Desidustat, administered orally is a novel, oral Hypoxia-Inducible Factor-Prolyl Hydroxylase Inhibitor (HIF-PHI) for treating anaemia in Chronic Kidney Disease (CKD) patients. CKD involves the gradual loss of functioning of kidneys and eventually leads to kidney failure. Healthy kidneys naturally secrete a hormone called Erythropoietin (EPO), which stimulates red blood cell production also known as erythropoiesis. When kidneys are impaired as in patients suffering from Chronic Kidney Disease, EPO production is impaired, leading to development of anaemia. HIF-PHI promotes erythropoiesis through increasing endogenous erythropoietin, reducing hepcidin thereby improves iron availability.
Discovered and developed by Zydus, Desidustat is being marketed by the group in India under the brand name Oxemia. China Medical System Holdings through its wholly-owned subsidiary gained a royalty bearing, exclusive, sub-licensable license under the licensed technology and Zydus data to develop, register and to manufacture, use and commercialise the Product in Greater China (including Mainland China, Hong Kong Special Administrative Region, Macao Special Administrative Region and Taiwan).
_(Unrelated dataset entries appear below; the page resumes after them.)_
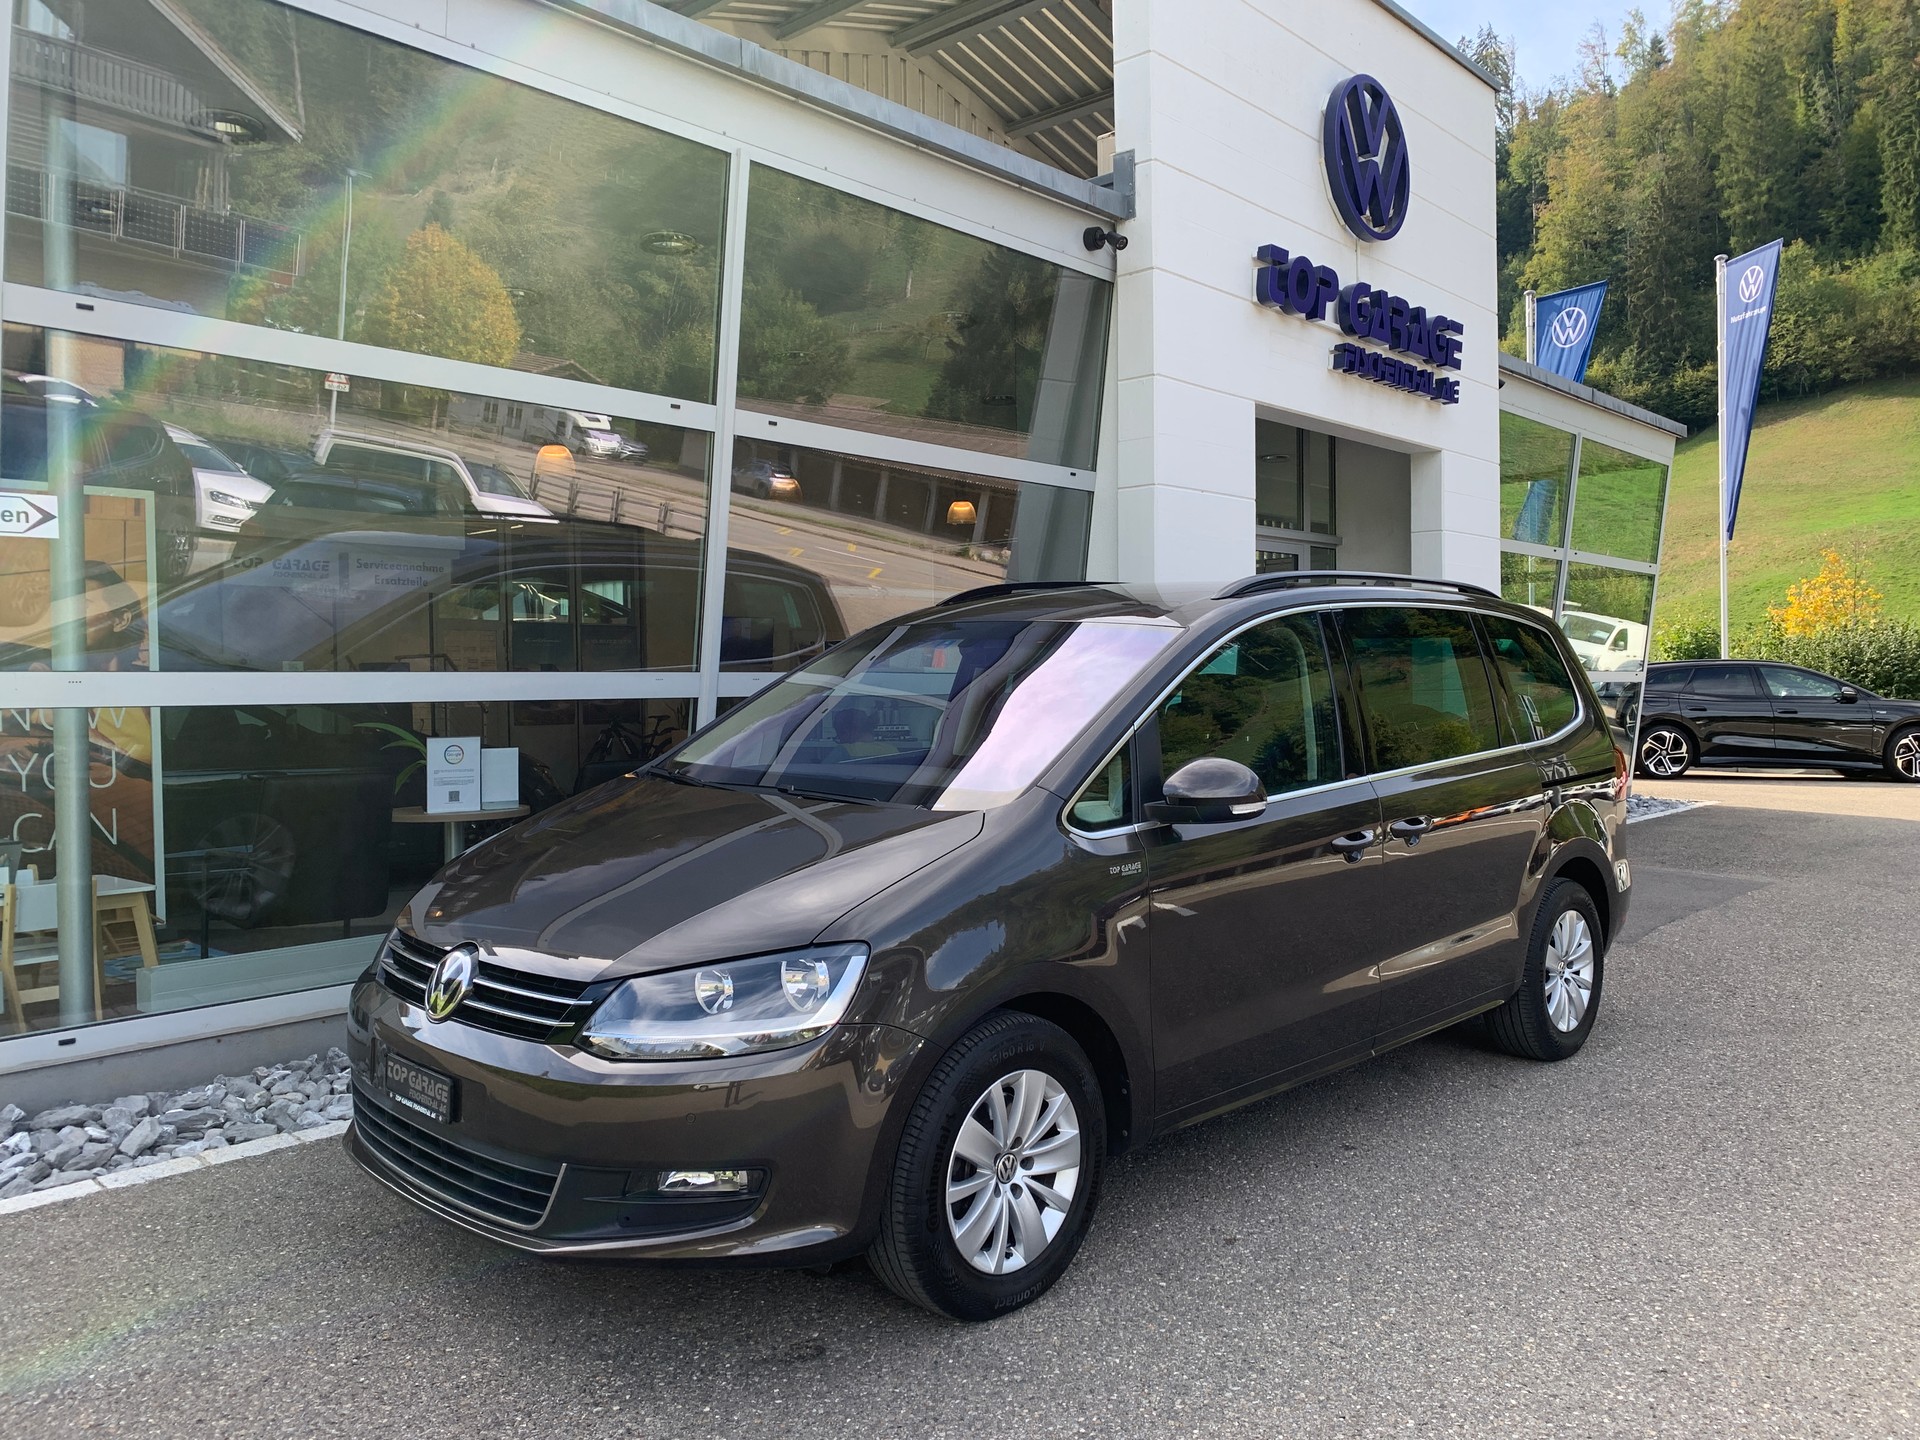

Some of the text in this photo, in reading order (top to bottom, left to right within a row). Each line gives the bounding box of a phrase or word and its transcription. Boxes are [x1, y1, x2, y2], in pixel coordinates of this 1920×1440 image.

[1256, 243, 1464, 372] TOP GARAGE
[272, 559, 330, 572] GARAGE
[356, 558, 445, 574] Serviceannahme
[374, 574, 429, 587] Ersatzteile
[13, 807, 118, 853] CN
[1120, 861, 1142, 873] GARAGE
[387, 1060, 449, 1103] TOP GARAGE
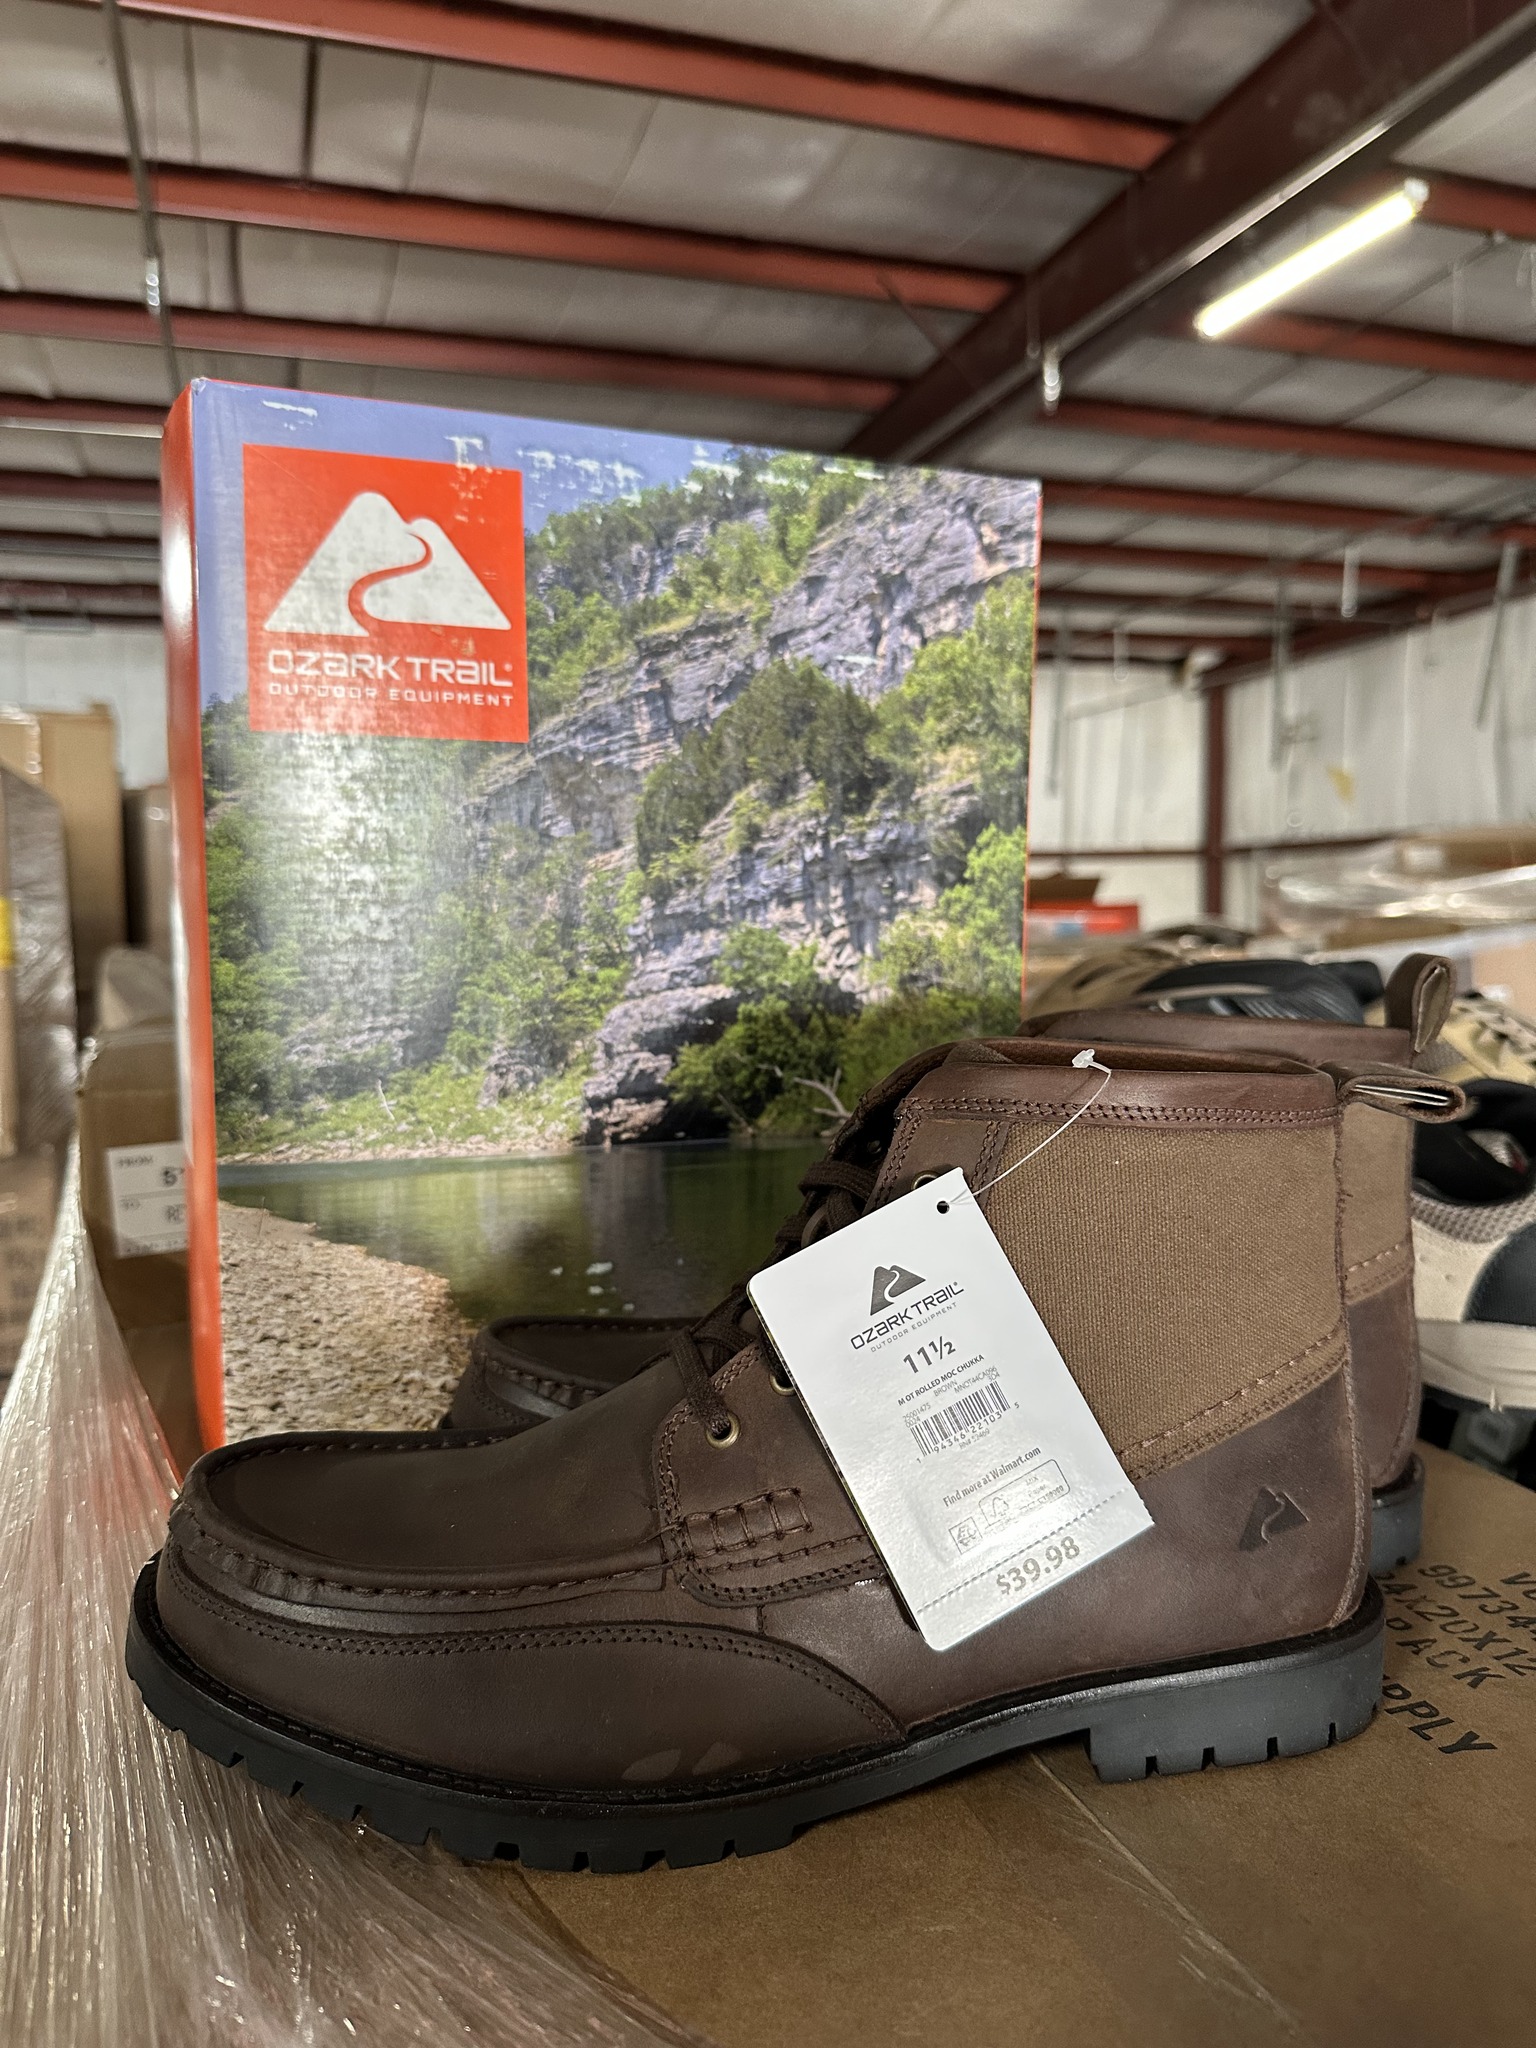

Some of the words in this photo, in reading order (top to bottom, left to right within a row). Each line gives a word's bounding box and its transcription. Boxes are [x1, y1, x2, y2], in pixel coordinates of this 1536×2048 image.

[267, 648, 401, 681] OZARK
[268, 682, 378, 699] OUTDOOR
[389, 688, 514, 707] EQUIPMENT
[850, 1307, 914, 1350] OZARK
[870, 1328, 909, 1353] OUTDOOR
[911, 1302, 958, 1330] EQUIPMENT
[897, 1398, 906, 1406] M
[905, 1392, 915, 1403] OT
[914, 1378, 941, 1397] ROLLED
[940, 1368, 958, 1383] MOC
[956, 1354, 985, 1374] CHUKKA
[933, 1379, 958, 1397] BROWN
[933, 1432, 966, 1454] 94346
[969, 1411, 1003, 1434] 22103
[1014, 1401, 1020, 1409] 5
[942, 1490, 961, 1508] Find
[961, 1481, 983, 1499] more
[982, 1474, 992, 1487] at
[990, 1447, 1042, 1480] Walmart.com
[995, 1535, 1081, 1596] $39.98
[1417, 1564, 1536, 1642] 99734
[1381, 1674, 1499, 1755] PPLY
China Phase III trial of the Product has demonstrated positive results. The primary endpoint of the Hb mean change from baseline to the period of Week 7-9 has indicated that, Desidustat is more effective than placebo in increasing Hb level. The least squares mean and 95 per cent CI of Hb change from baseline to the period of Week 7-9, using covariance model analysis, has shown an increase of 16.38 g/l [95 per centCI: 14.50, 18.26] in the Desidustat group and a decrease of 1.13 g/l [95 per centCI: -3.68, 1.41] in the placebo group, for a between-group difference of 17.52 g/l [95 per centCI:14.353, 20.681], with the lower limit of 95 per cent CI above 0.
The product is administrated orally, thus expecting to improve the treatment compliance of patients and to meet the unmet treatment needs in the field of CKD anaemia, including both dialysis and non-dialysis patients.